その日は突然やってきた。


その日、いつものように会社から自転車に乗って自宅マンションに向かう途中、

マンションの近くの曲がり角に立っている男に私は違和感を感じた。

50歳ぐらいだろうと思われる長身のその男は、きちっとスーツを着込んで

いるのに妙ないかがわしさが漂っていた。


男を横目に見ながら角を曲がり、マンション前に自転車を停めると

「ナカヤマさん!」と私の名前を叫びながら男が駆け寄ってきた。

男は息をきらして私をさえぎるように立ち、手帳を目の前にかざしながら

「○○署」と聞き覚えのある神戸の警察署の名を告げた。


警察……。もちろん心当たりはあった。


「なんで来たかわかる? アンタ…やりすぎたわ」

なんのことを言っているのか理解できたが、素直に認めたくない私がいた。

私が無言でうなづくと、男は私の手を引いて部屋に案内するように促した。

ふと周りを見渡すと警察はその男一人ではなく、どこからともなくぞろぞろと

現れ、私は計6人の男たちにかこまれていた。後から出てきた男たちは最初の男のことを

「ハンチョウ」と呼んでいた。


部屋に入る前に令状を見せられ、これから家宅捜索することに了承を求められた。その令状には

「窃盗罪」と書かれてあった。

6人の男たちは部屋を無遠慮にあさりだし、あっという間に部屋はグチャグチャになった。

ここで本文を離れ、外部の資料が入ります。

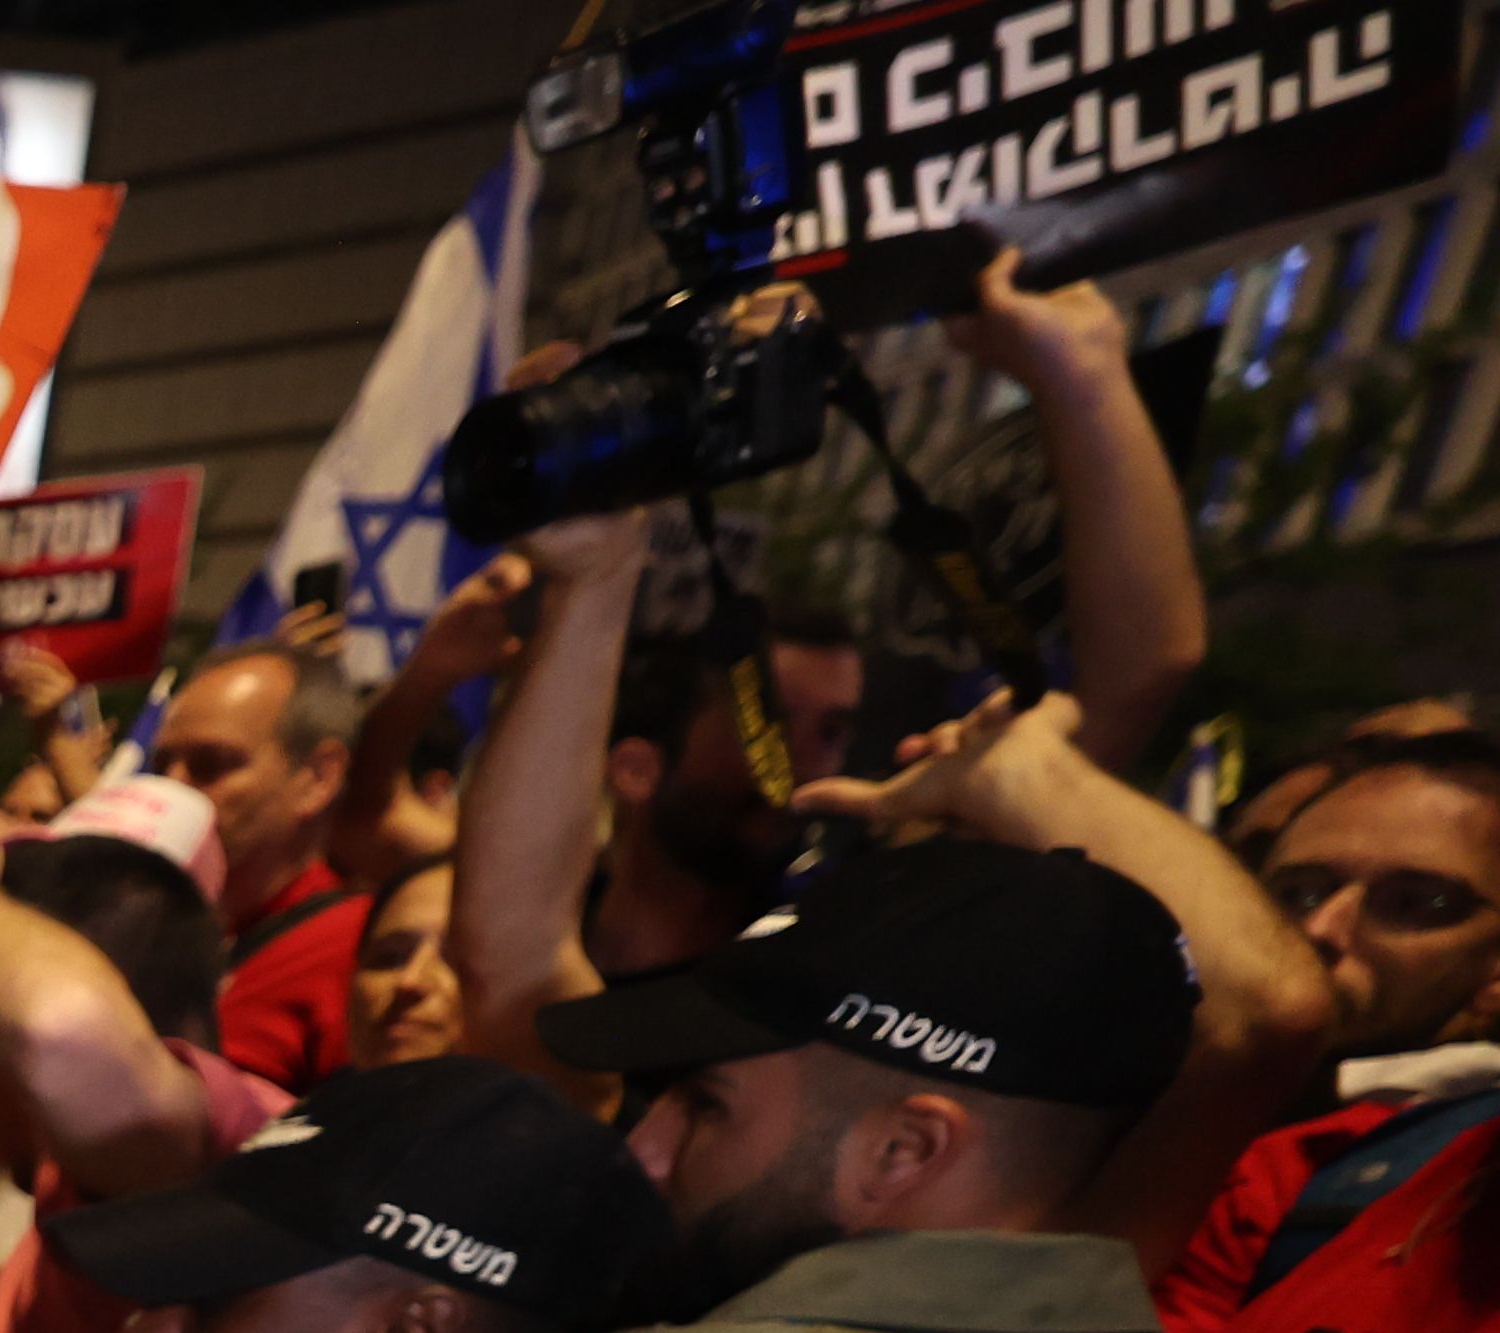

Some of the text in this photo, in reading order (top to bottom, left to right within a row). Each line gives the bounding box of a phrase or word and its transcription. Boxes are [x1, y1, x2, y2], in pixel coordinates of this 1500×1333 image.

[864, 9, 1393, 243] דמוקרטיה
[822, 991, 999, 1077] משטרה
[363, 1200, 518, 1288] משטרה

「なんかアブナイもんないの?クスリとか…。」ハンチョウが半笑いで私に聞く。

幸いそんなものはいくら探しても出てこない。

さんざん探し回って何も出てこないことがわかるとハンチョウが言った。

「ちょっと間帰ってこられへんから、服とか準備して。」

ちょっと間帰ってこられない……。覚悟はしていたが改めて念を押されて私は絶望的な気分に

なった。


本来なら今から向かうはずだった夜のバイトのこと、明日からの仕事のこと、何も知らない

彼女のこと……。あまりにも問題が多すぎて頭の中がパニックを起こしているが、

いまさらジタバタしても仕方ない。


最小限の荷物を紙袋に詰め込み部屋をあとにして近くの駐車場に停めてあった警察の車に

乗り込む。両側を刑事に挟まれ後部座席の真ん中に座らされた。

私の右側に座った長身の若い刑事が手錠を取り出し私の両手首にしっかりとはめた。

手錠は冷たく、私の手首に重く食い込んだ。

車は大阪の夜の街を私の不安と、諦めと、後悔をのせて神戸に向かって走り出す。


43年の私の人生の中で最も最悪な2ヶ月間が静かなエンジン音とともに始まった。